[Start of Attachment]

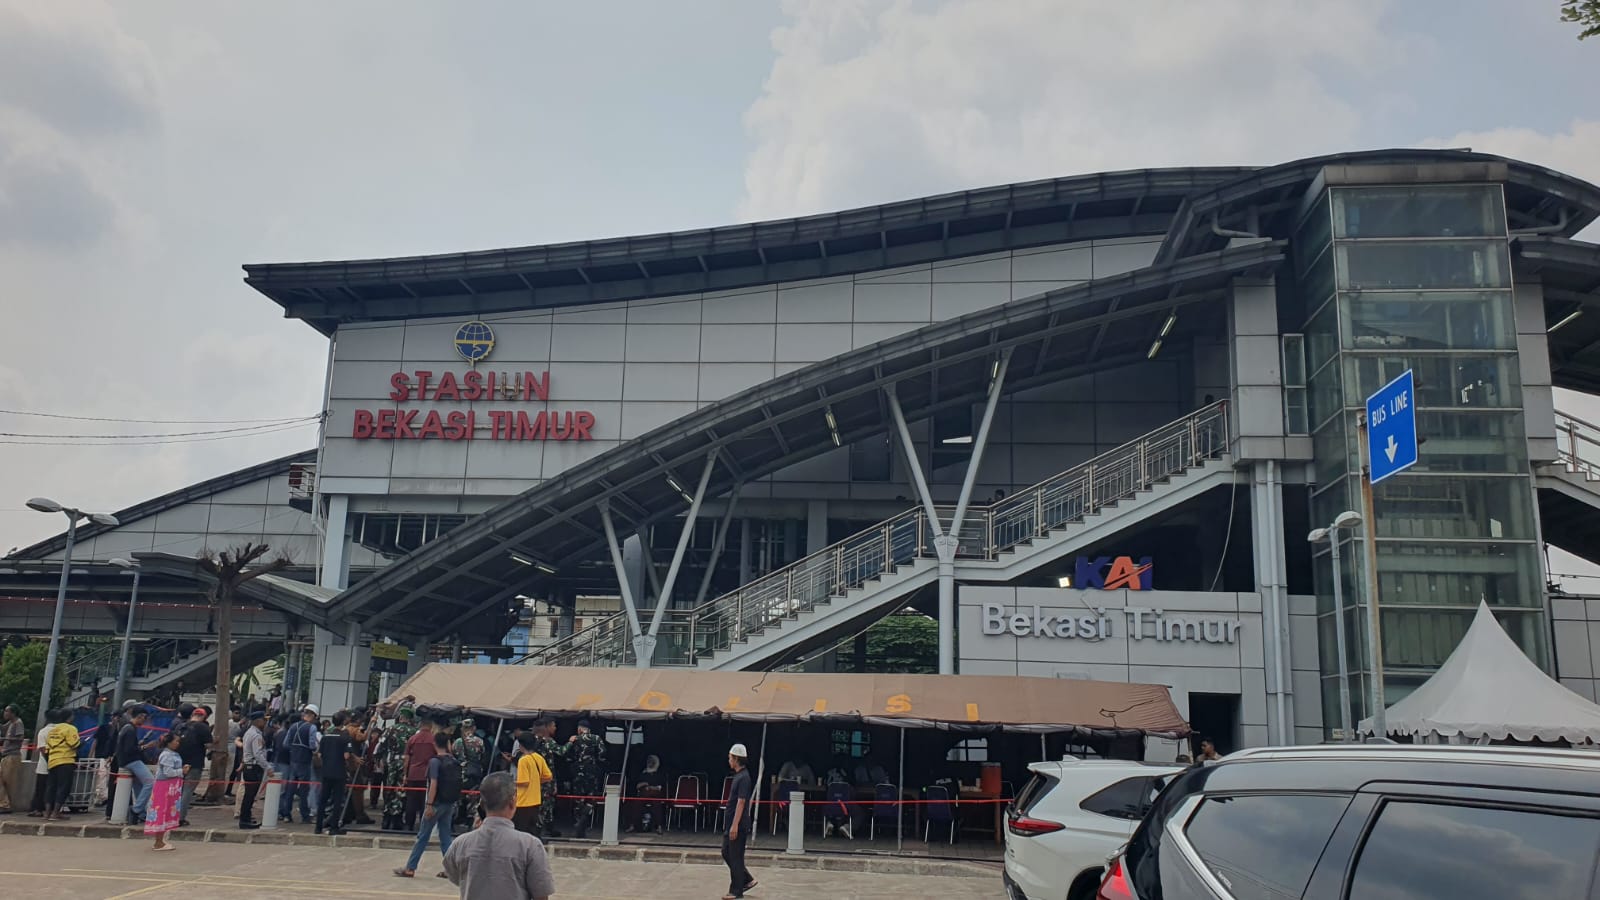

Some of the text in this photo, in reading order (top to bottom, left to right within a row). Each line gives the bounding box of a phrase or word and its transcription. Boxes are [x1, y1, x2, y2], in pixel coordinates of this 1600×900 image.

[390, 370, 550, 400] STASIUN
[353, 409, 596, 441] BEKASI TIMUR
[1372, 390, 1408, 427] BUS LINE
[1074, 556, 1152, 590] KAI
[982, 602, 1241, 643] Bekasi Timur
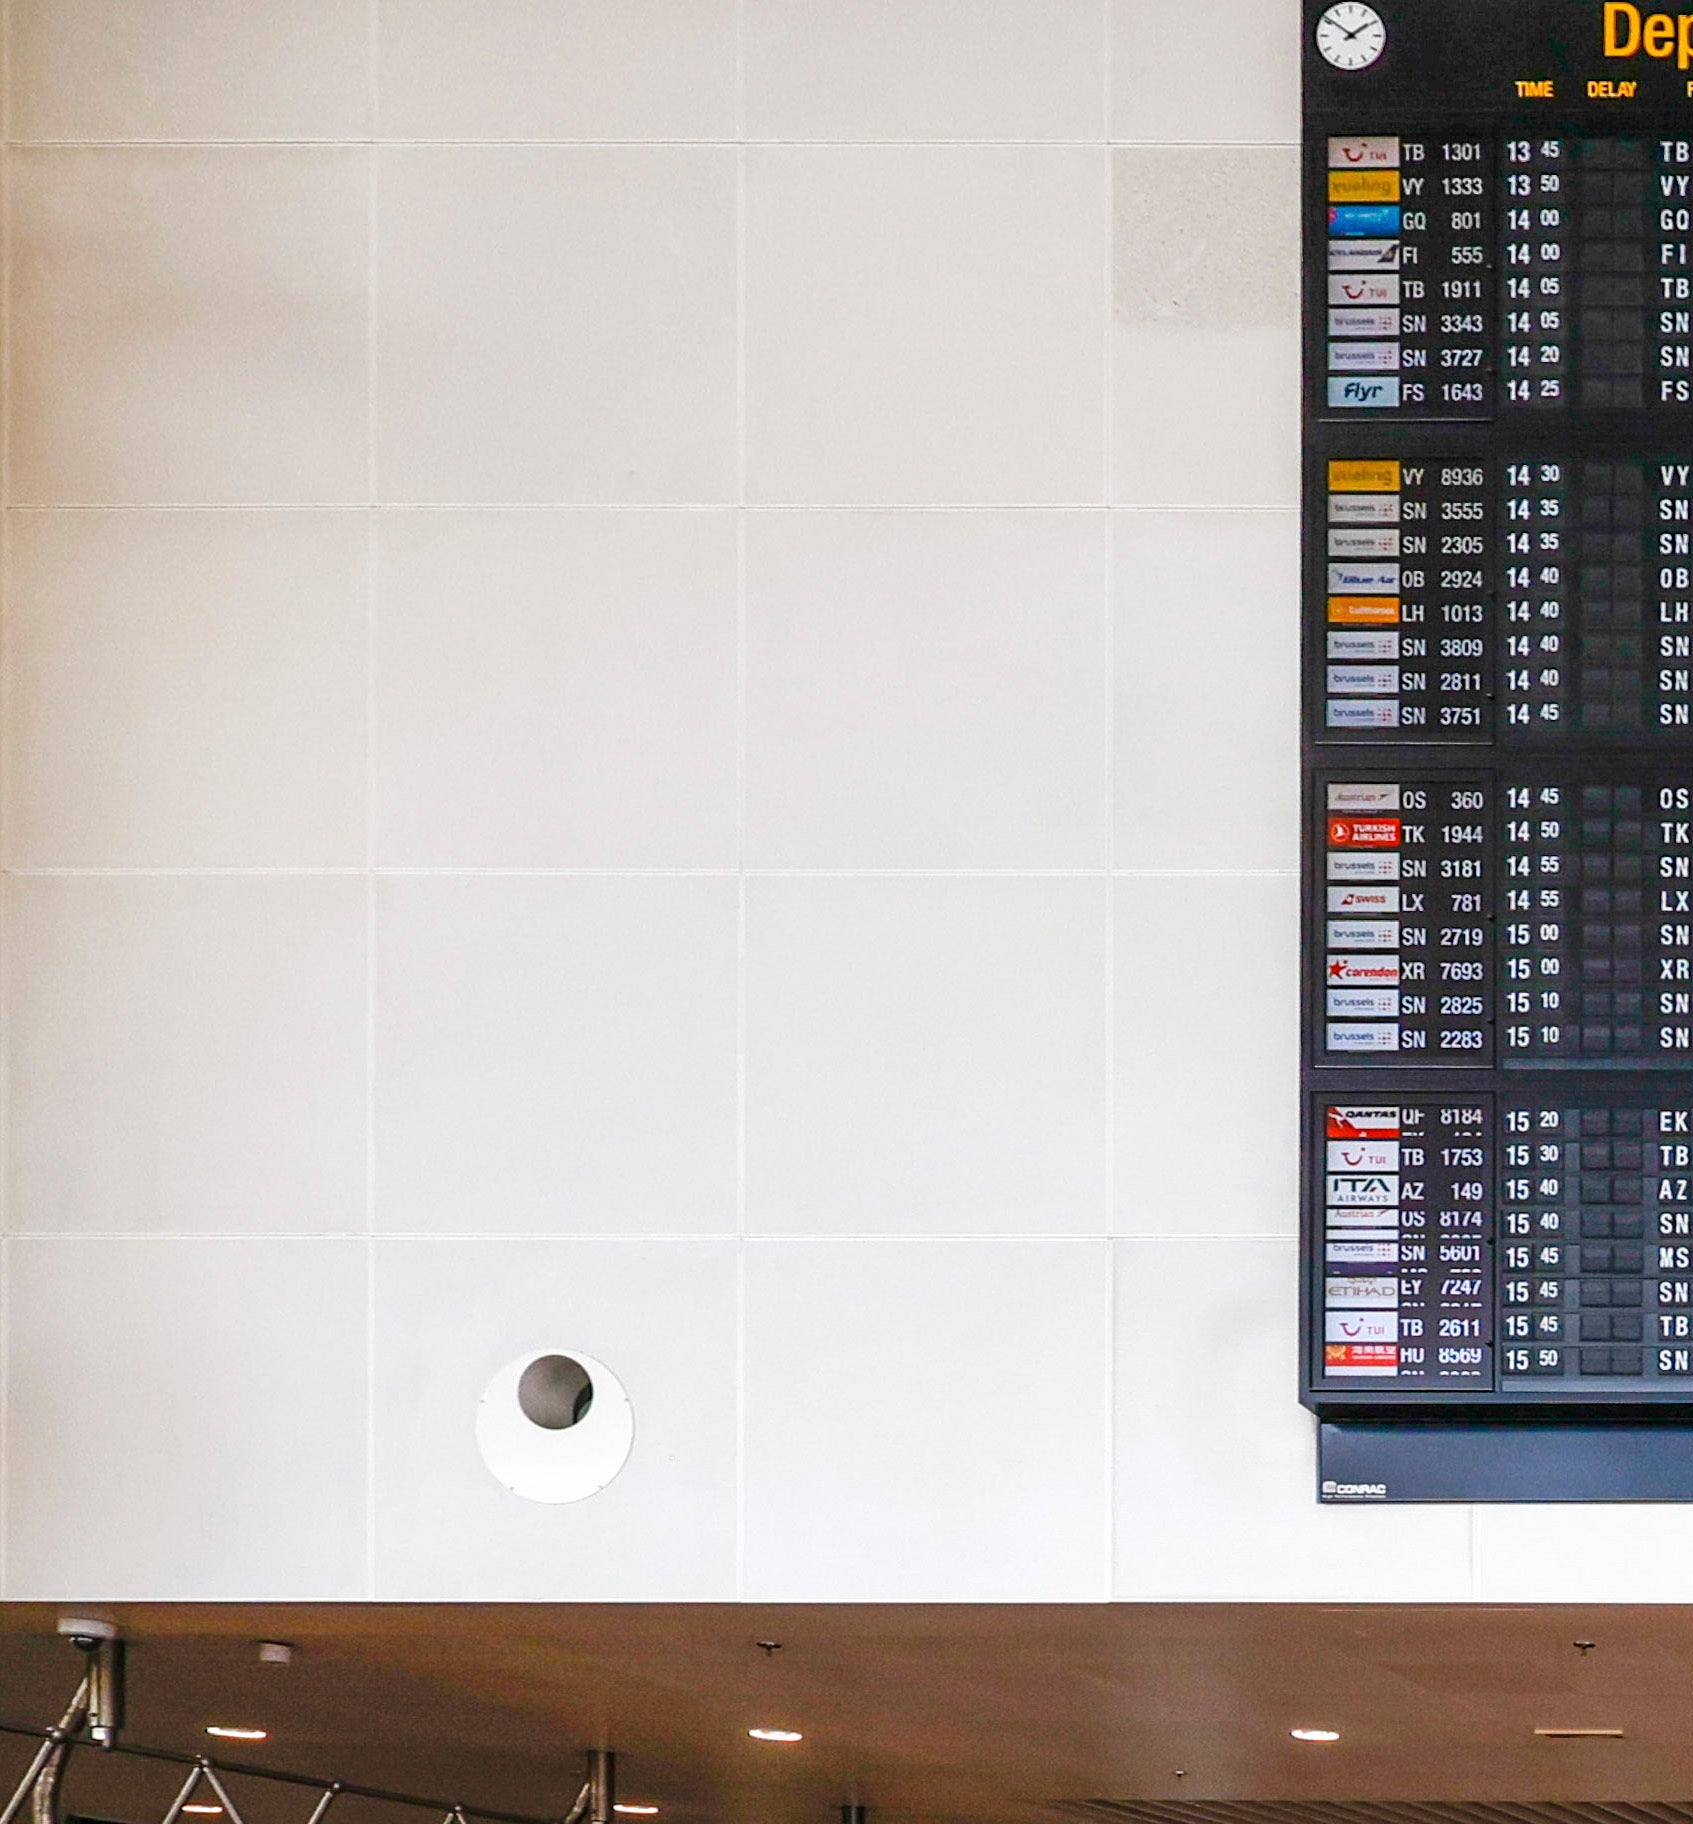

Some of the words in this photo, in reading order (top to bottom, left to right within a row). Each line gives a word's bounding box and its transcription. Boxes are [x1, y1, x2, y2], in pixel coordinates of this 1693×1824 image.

[End of Attachment]

Each record above needs to be copied exactly, with images left out.

* [Exercise result]
Some of the text in this photo, in reading order (top to bottom, left to right within a row). Each line gives the bounding box of a phrase or word and its transcription. Boxes are [x1, y1, x2, y2], in pixel coordinates of this 1600×900 image.

[390, 370, 550, 400] STASIUN
[353, 409, 596, 441] BEKASI TIMUR
[1372, 390, 1408, 427] BUS LINE
[1074, 556, 1152, 590] KAI
[982, 602, 1241, 643] Bekasi Timur

Some of the words in this photo, in reading order (top to bottom, left to right within a row). Each line gives a word's bounding box and its transcription. Boxes are [x1, y1, x2, y2], in pixel coordinates of this 1693×1824 image.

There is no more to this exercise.